Manual

Installation

Installation of SpeeDB is rather straightforwrad. You may download the latest version from the home page and extract it into a new directory. Change to that directory. Compile SpeeDB by running

make clean; make

The speedb tped2dbs command

The SpeeDB package uses an internal data structure to organize the genomic data of a database of individuals. To facilitate its usage, command speedb tped2dbs converts the input PLINK TPED file into a binary DBS file. The genotype of an individual is created by combining two adjacent haplotypes. If any haplotype of an individual has a missing value in a certain marker, then the genotype of this individual in the corresponding marker is 1 (namely, having one copy of minor allele). The output of this command is a file with extension .dbs. This output file is required by all the other commands in the SpeeDB package.

Command line is

speedb tped2dbs <input.tped> <output.dbs>

The speedb dbs2query command

The SpeeDB package provides a command to convert each database indivdual to a query individual. This enables pairwise IBD inference from the input database.

Command line is

speedb dbs2query <input.dbs> <output.query>

The speedb filter command

Command speedb filter takes a batch of query individuals and a large collection of individuals as inputs. In a single query, SpeeDB compares a query individual against the collection and outputs candidate IBD segments for downstream accurate IBD inference.

Command line is

speedb filter [options] <input.dbs> <input.query> <output.candidate>

Options

-b <float> sets the target IBD block size. The default value is 4 cM.

-s <float> sets the step size, i.e. par_step in the article. The default value is 0.5 cM. The window size par_window is calculated from this value.

-e <float> sets the paramter η_J in the optimization. The default value is 0.9.

-1 <int> sets the Major Filter's threshold p_th as 1e-<int>. The current version supports <int> = {0, 1, 2}. The default is 1.

-2 <int> sets the Minor Filter's threshold p_th* as 1e-<int>. The current version supports <int> = {0, 1, 2}. The default is 1. Users can use different thresholds on these two filters.

-p <string> allows users to specify Major Filter's pruning critieria by pointing SpeeDB to a file with extension .1. Note that, the input should not have this extension. For example, if the filename is criteria.1, then the option should be -p criteria.

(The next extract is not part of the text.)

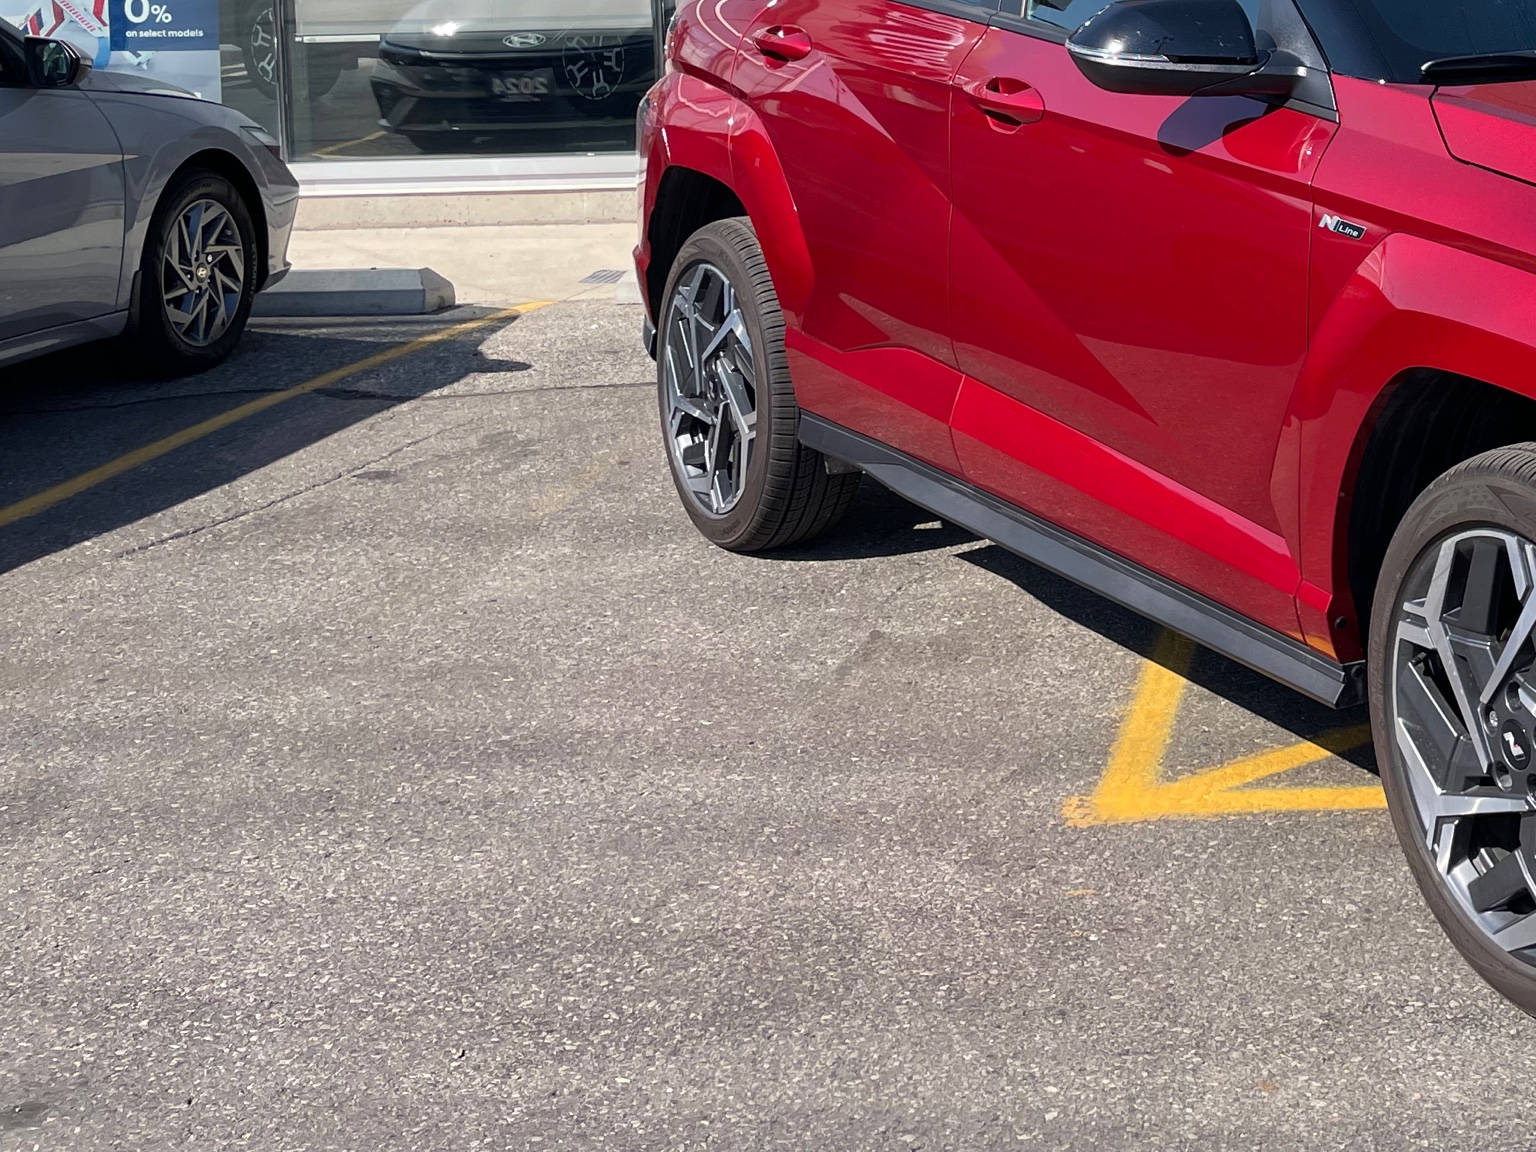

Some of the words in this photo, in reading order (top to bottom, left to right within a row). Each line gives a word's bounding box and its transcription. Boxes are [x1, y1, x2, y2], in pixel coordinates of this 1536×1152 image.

[125, 30, 138, 38] on
[139, 29, 167, 38] select
[168, 29, 204, 38] models
[1338, 225, 1359, 237] Line

This file includes 100 numbers; each two are separated by a new-line character. The ith number indicates the number of tolerable false opposite homozygous markers when the Major Filter selects i markers in a window. If both -p and -1 are specified, SpeeDB uses the former one.

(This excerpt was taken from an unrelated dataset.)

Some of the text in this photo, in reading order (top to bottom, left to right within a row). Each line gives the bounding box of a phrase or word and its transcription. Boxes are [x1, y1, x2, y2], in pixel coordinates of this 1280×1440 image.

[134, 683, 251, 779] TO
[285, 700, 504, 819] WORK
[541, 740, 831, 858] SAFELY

-q <string> works the same way as -p. The only differences are that -q is used to specify Minor Filter's pruning criteria, and that the input file has extension .2.

-w runs pairwise mode. Note that, use this mode only if the query file is generated from the dbs file by using the speedb dbs2query command.

The speedb genQ command

Users can use speedb genQ command to create simulated query individuals. For each query, this command creates two composite haplotypes using the original haplotypes in the input file as follows. Specifically, it partitions the genome into a series of mosaics. Each segment of a composite haplotype is made by copying alleles from a randomly selected original haplotype. Next, it simulates an IBD segment between the query individual and a random database individual at a random location by copying one of the haplotype of the database individuals over one of the haplotypes of the query individual. Finally, errors are introduced in the query individual's haplotype with a user-defined error rate.

The outputs of this command are two binary files: output.query and output.query.meta. The former one stores the genotype of query individuals. The later one stores the IBD information, which is used for evaluating the performance of SpeeDB.

Command line is

speedb genQ [options] <input.dbs> <output.query>

Options

-b <float> sets the artificial IBD segment length. The default value is 4 cM.

-g <float> sets the size of mosaics. The default value is 0.2 cM.

-t <float> sets the injected genotyping error rate. The default value is 0.005.

-c <int> sets the number of query individuals. The default is 1,000.

-N disables the injection of any artificial IBD.

Example

Suppose you have a data set in PLINK TPED format sample.tped. After you installed SpeeDB, run the following commands to nominate candidate IBD segments shared by a pair of individuals in the database.

speedb tped2dbs sample.tped sample.dbs

speedb dbs2query sample.dbs sample.query

speedb filter -w -1 0 -2 0 sample.dbs sample.query sample.candidate

You can find the candidates in file sample.candidate. Note that, in this example, because the thresholds of both filters are set to 1e-0, no false opposite homozygous markers are tolerated.

More examples

Users can create a large set of query individuals with small genotyping error rate by using

speedb genQ -c 10000 -t 0.0025 sample.dbs sample_large_set_light_error.query

and then compare this query set against the database with default filter thresholds by using

speedb filter -c 10000 sample.dbs sample_large_set_light_error.query sample_large_set_light_error.candidate

Also, one can create a set of query individuals which share 6 cM IBD with database individuals

speedb genQ -b 6 sample.dbs sample_long_IBD.query

and then import customized pruning criteria into the filtering process. The criteria are stored in files customized_criteria.1 and customized_criteria.2 for the Major Filter and the Minor Filter respectively.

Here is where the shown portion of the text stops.